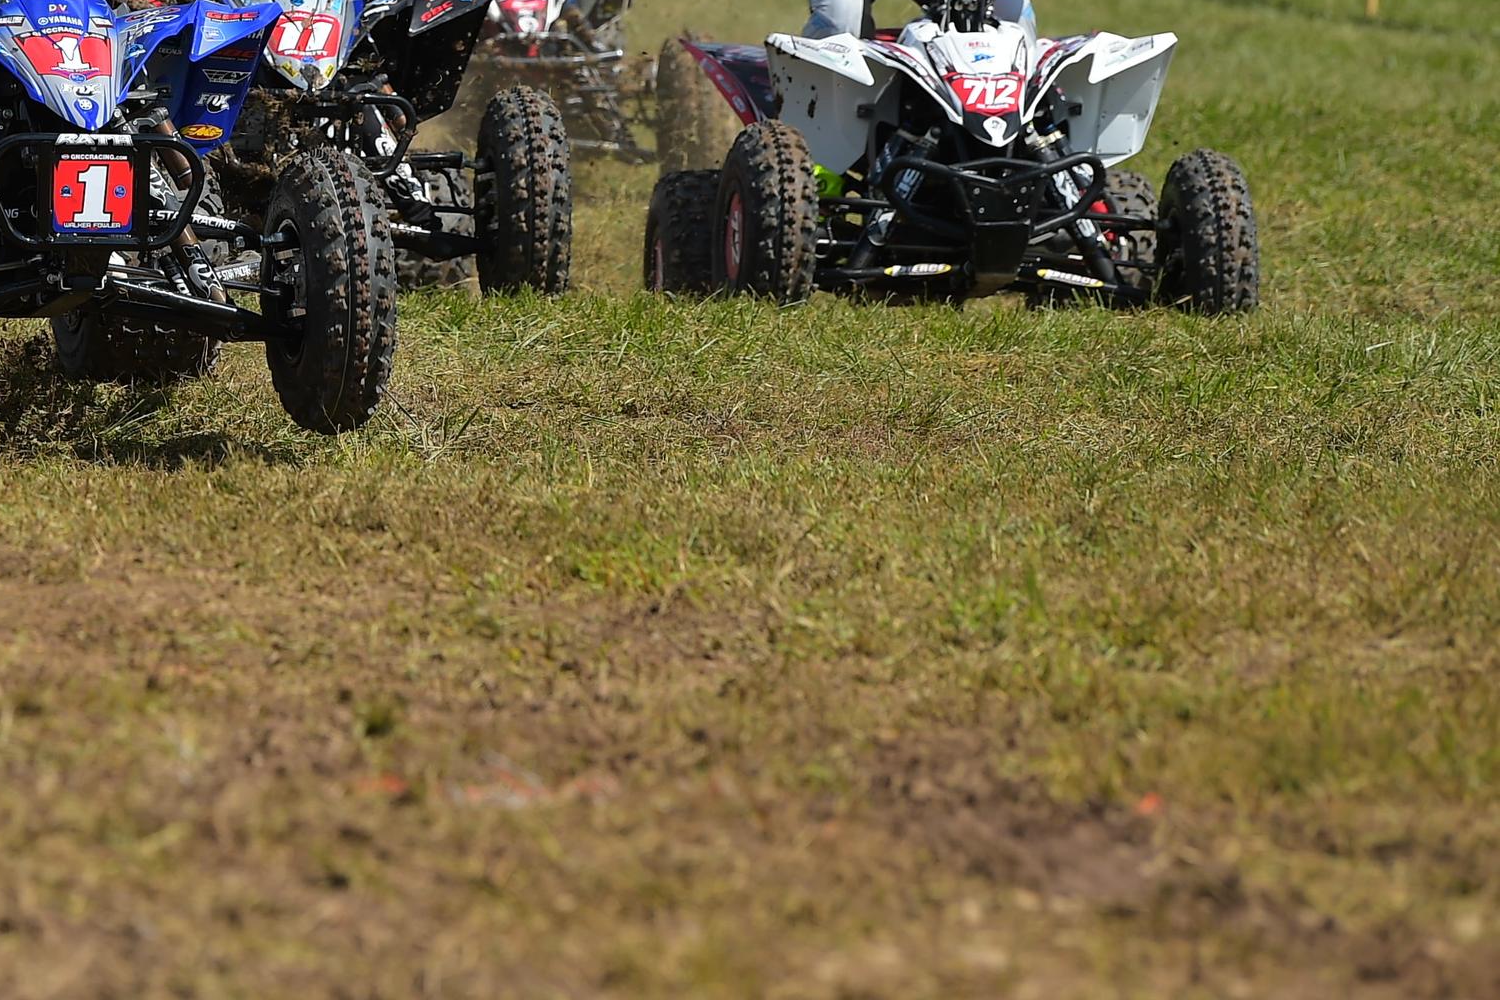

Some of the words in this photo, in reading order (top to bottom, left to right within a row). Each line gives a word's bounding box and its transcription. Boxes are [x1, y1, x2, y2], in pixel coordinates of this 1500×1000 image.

[49, 15, 84, 27] YAMAHA
[52, 35, 91, 70] 1
[198, 93, 234, 113] FOX
[963, 79, 1018, 105] 712
[73, 165, 111, 222] 1
[191, 213, 237, 231] RACING
[182, 243, 224, 299] FOX

--- WORK INSTRUCTIONS ---
Set down every entry word for word, but omit the pictures.

--- RESPONSE ---
Some of the words in this photo, in reading order (top to bottom, left to right within a row). Each line gives a word's bounding box and its transcription. Boxes are [x1, y1, x2, y2], in pixel coordinates of this 1500×1000 image.

[49, 15, 84, 27] YAMAHA
[52, 35, 91, 70] 1
[198, 93, 234, 113] FOX
[963, 79, 1018, 105] 712
[73, 165, 111, 222] 1
[191, 213, 237, 231] RACING
[182, 243, 224, 299] FOX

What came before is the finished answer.